Print the records exactly as written, and let no picture into the answer.

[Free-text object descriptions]
= Beginning of Section =

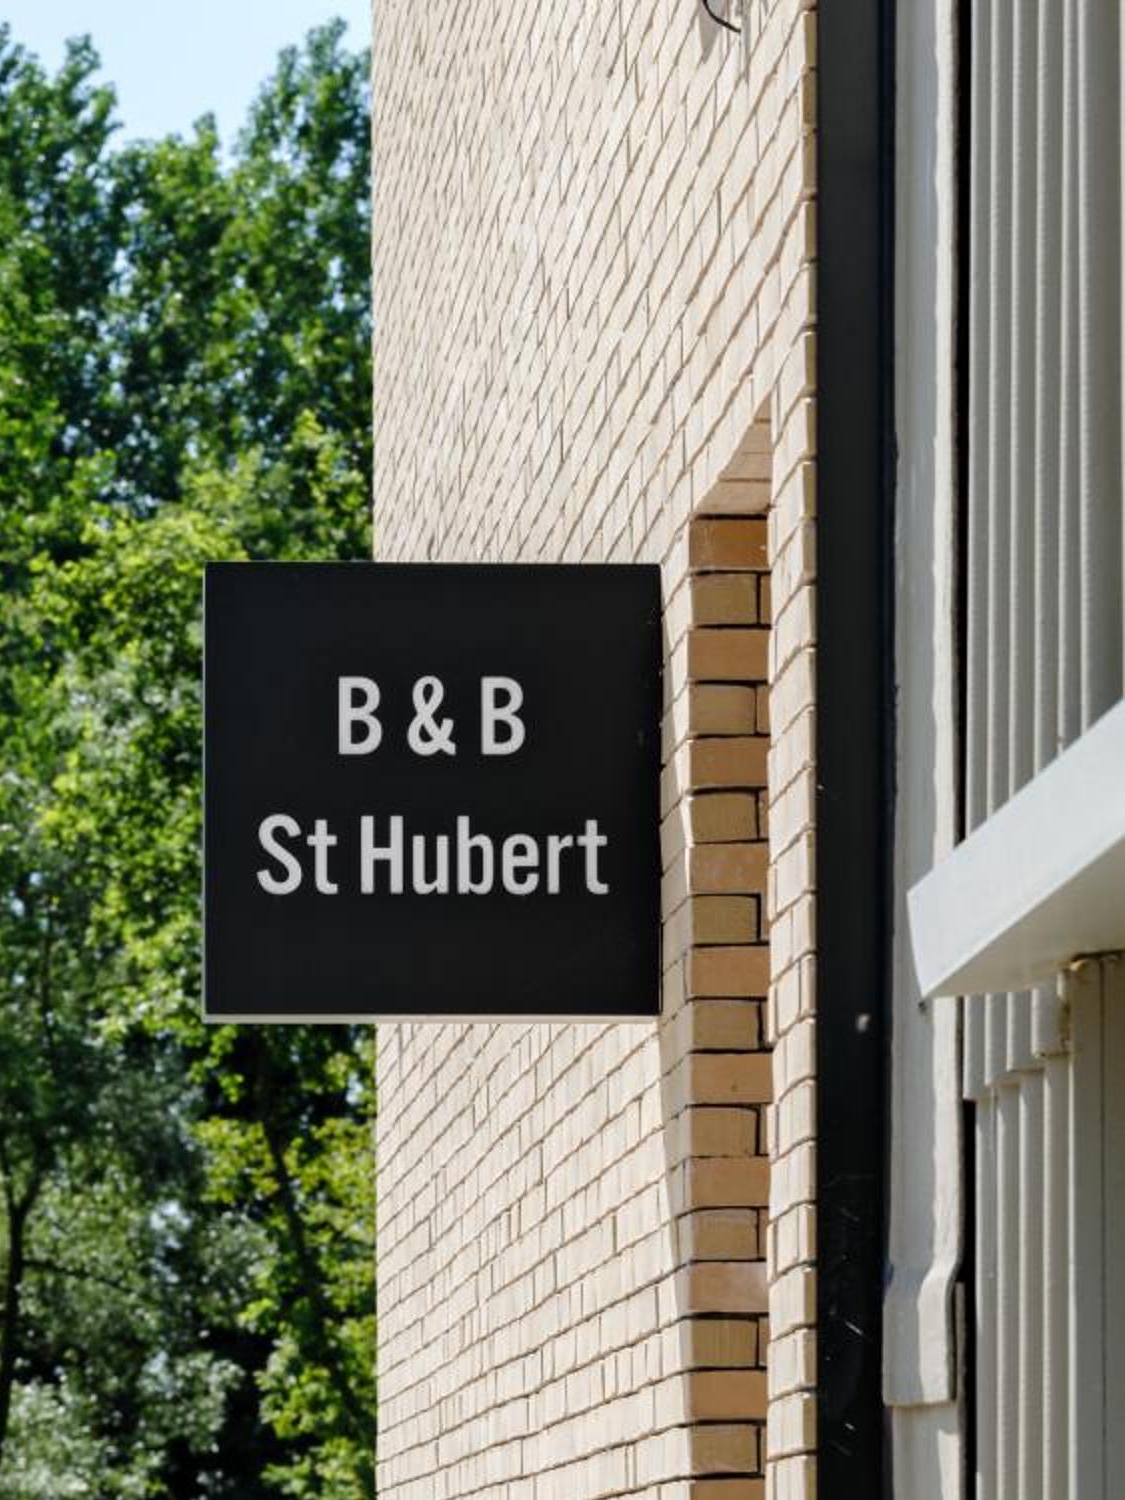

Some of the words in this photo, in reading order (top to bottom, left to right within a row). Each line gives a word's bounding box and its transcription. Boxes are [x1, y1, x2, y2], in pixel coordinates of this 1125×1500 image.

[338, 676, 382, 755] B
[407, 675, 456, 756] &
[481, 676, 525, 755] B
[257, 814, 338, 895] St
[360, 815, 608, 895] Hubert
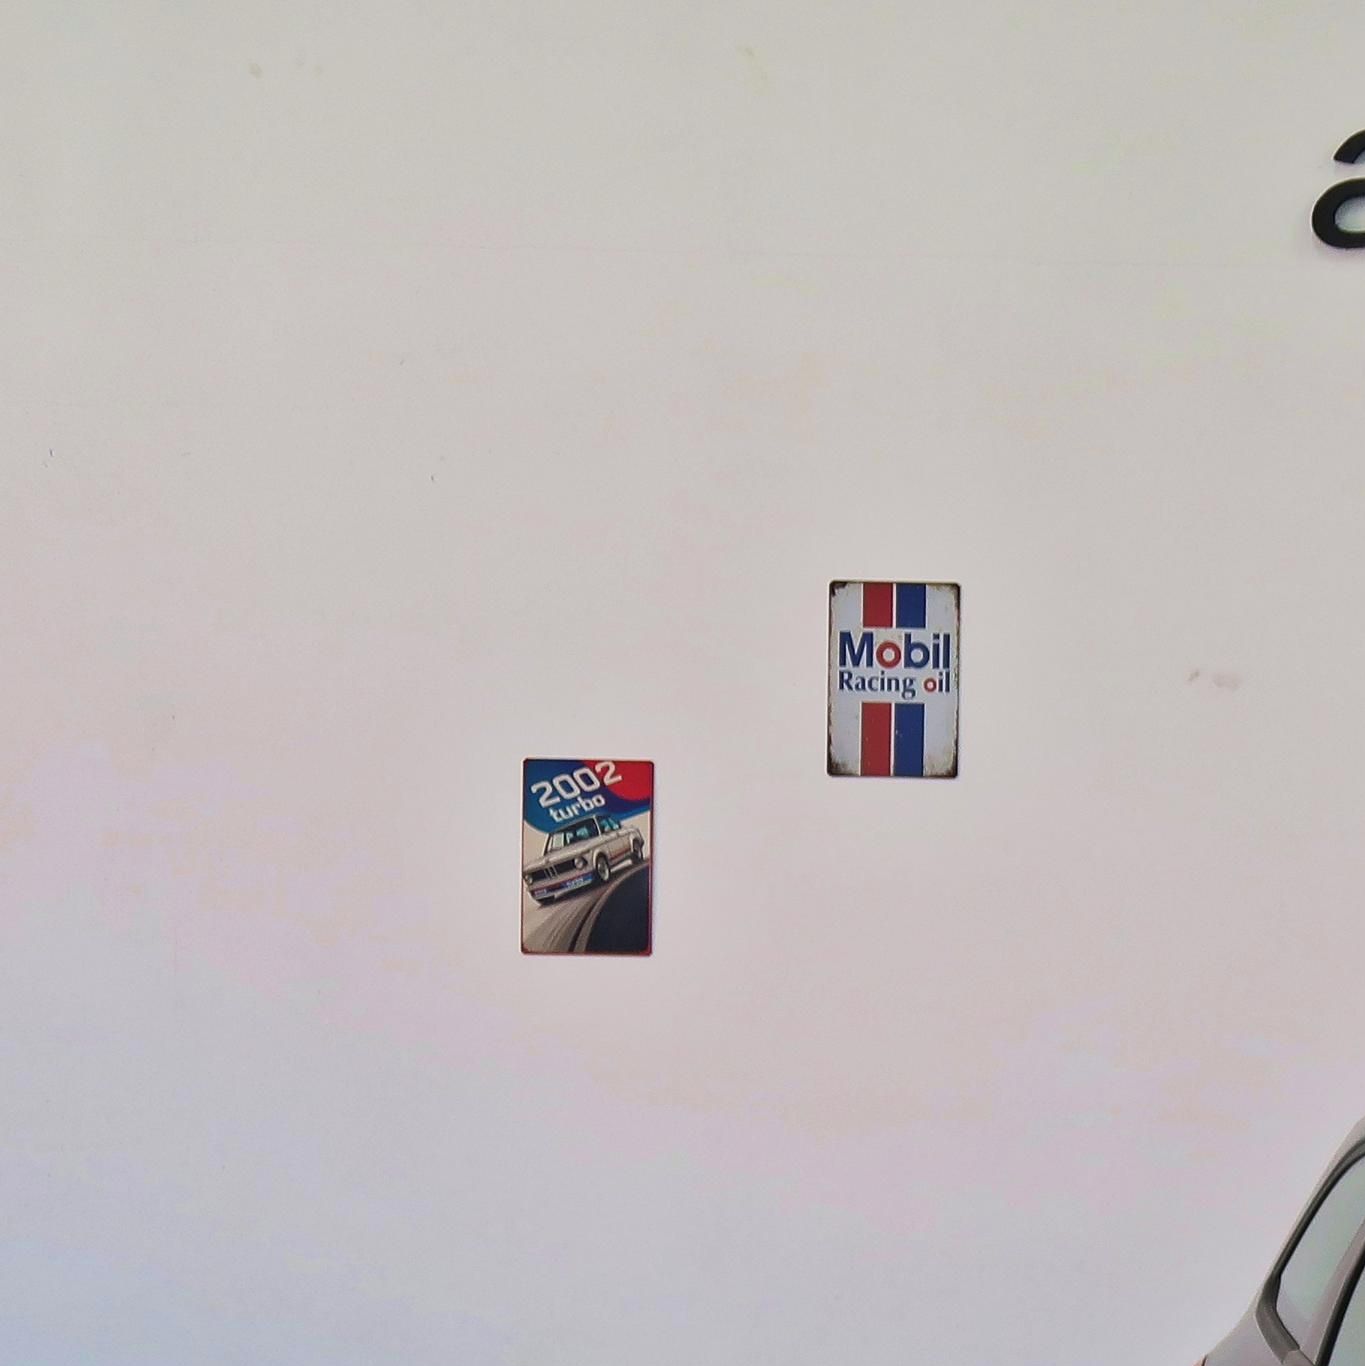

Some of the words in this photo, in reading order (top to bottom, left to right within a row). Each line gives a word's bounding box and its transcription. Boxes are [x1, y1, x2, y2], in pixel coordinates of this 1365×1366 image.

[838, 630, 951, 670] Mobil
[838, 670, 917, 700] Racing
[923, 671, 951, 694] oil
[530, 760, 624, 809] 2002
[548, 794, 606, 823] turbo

= End of Section =

→ Reply to the exercise:
Some of the words in this photo, in reading order (top to bottom, left to right within a row). Each line gives a word's bounding box and its transcription. Boxes are [x1, y1, x2, y2], in pixel coordinates of this 1125×1500 image.

[338, 676, 382, 755] B
[407, 675, 456, 756] &
[481, 676, 525, 755] B
[257, 814, 338, 895] St
[360, 815, 608, 895] Hubert

Some of the words in this photo, in reading order (top to bottom, left to right within a row). Each line gives a word's bounding box and its transcription. Boxes are [x1, y1, x2, y2], in pixel coordinates of this 1365×1366 image.

[838, 630, 951, 670] Mobil
[838, 670, 917, 700] Racing
[923, 671, 951, 694] oil
[530, 760, 624, 809] 2002
[548, 794, 606, 823] turbo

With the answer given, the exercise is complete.